━━━ AVAILABLE DATA ━━━

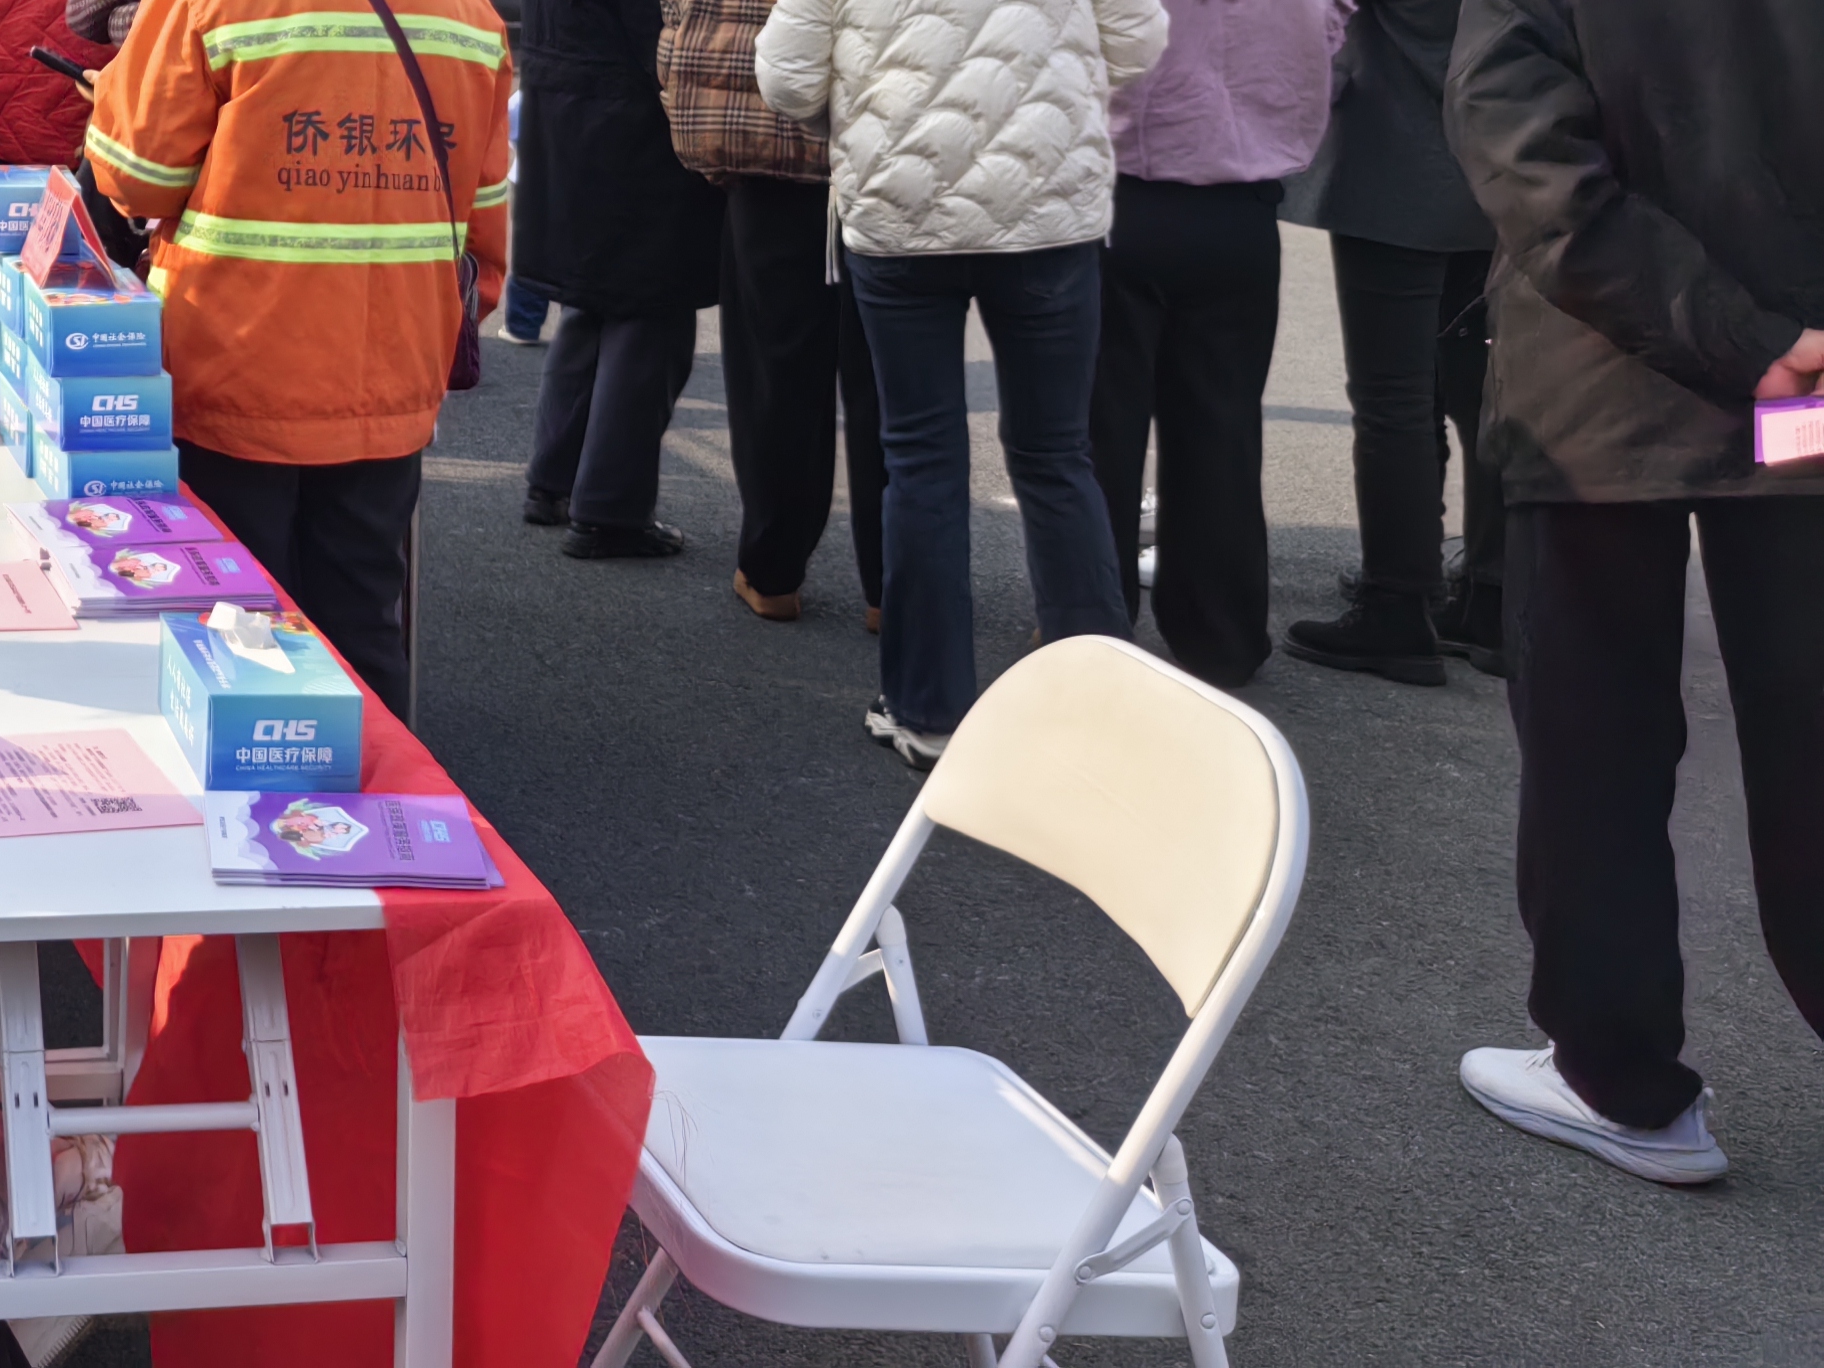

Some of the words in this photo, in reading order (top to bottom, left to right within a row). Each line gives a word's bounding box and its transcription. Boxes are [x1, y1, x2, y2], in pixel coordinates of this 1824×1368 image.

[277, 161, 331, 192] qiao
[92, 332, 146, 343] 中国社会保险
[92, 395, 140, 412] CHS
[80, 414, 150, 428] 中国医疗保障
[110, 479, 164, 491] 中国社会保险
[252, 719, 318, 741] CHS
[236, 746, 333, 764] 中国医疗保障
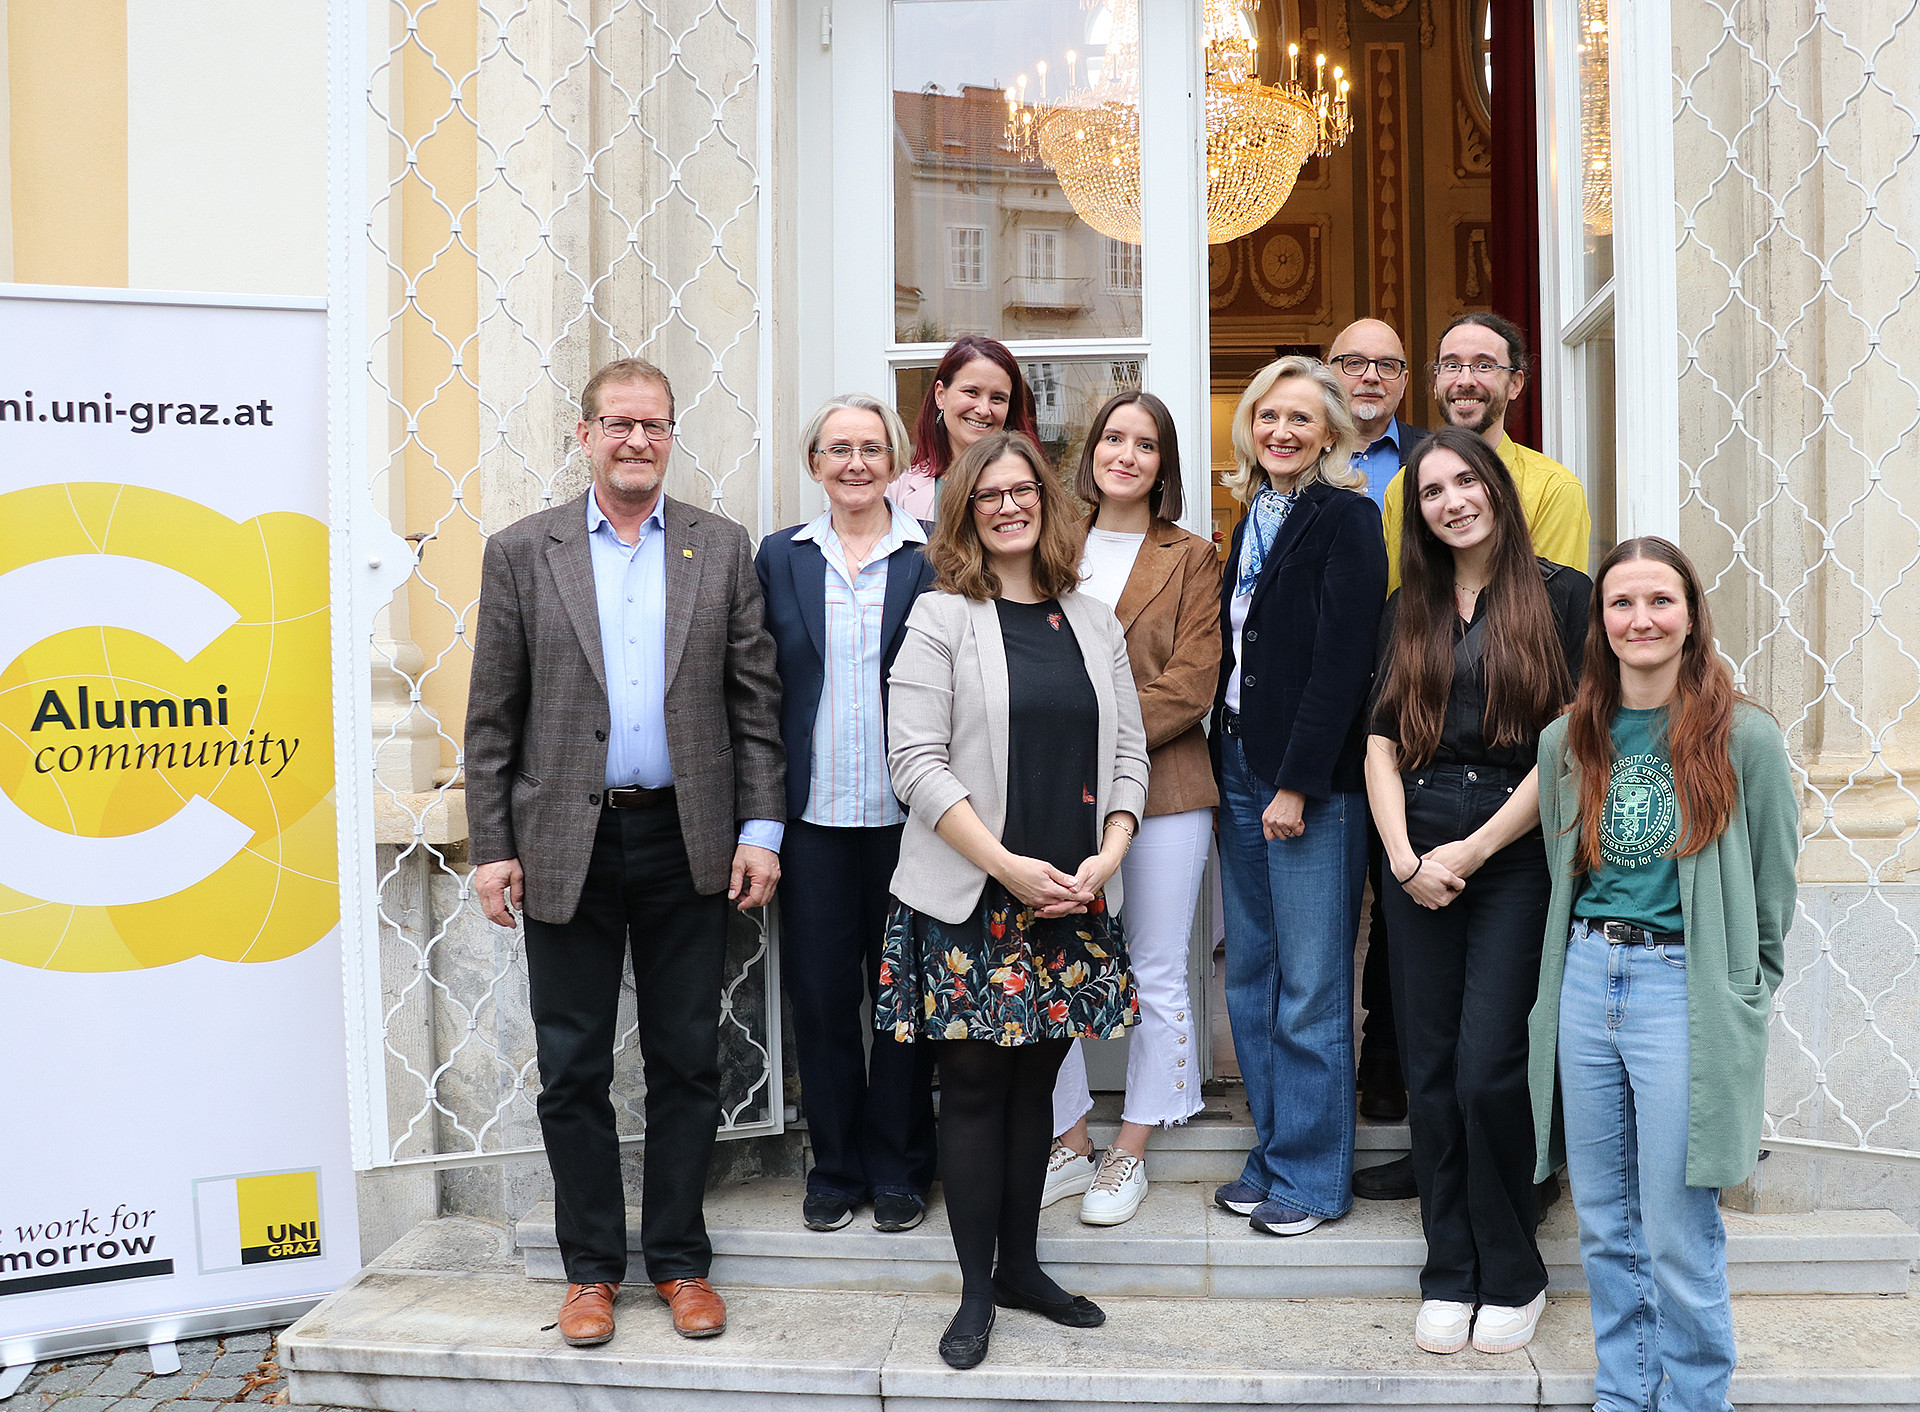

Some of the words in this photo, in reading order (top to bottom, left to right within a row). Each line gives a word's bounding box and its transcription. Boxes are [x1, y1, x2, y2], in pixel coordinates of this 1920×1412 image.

━━━
━━━ AVAILABLE DATA ━━━

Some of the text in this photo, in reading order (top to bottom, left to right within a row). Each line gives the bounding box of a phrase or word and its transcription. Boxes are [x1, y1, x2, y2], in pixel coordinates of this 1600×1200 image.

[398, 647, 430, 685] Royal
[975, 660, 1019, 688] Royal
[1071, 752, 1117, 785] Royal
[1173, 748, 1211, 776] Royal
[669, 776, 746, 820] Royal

━━━

__THE PROBLEM__: Take the material above from the line bearing "this 1824×1368 image." through the line bearing "this 1920×1412 image." and write it out exactly, both end lines included. Pictures stay out.

__ANSWER SECTION__:
Some of the words in this photo, in reading order (top to bottom, left to right within a row). Each line gives a word's bounding box and its transcription. Boxes are [x1, y1, x2, y2], in pixel coordinates of this 1824×1368 image.

[277, 161, 331, 192] qiao
[92, 332, 146, 343] 中国社会保险
[92, 395, 140, 412] CHS
[80, 414, 150, 428] 中国医疗保障
[110, 479, 164, 491] 中国社会保险
[252, 719, 318, 741] CHS
[236, 746, 333, 764] 中国医疗保障

Some of the words in this photo, in reading order (top to bottom, left to right within a row). Each line gives a word's bounding box and its transcription. Boxes are [x1, y1, x2, y2], in pixel coordinates of this 1920×1412 image.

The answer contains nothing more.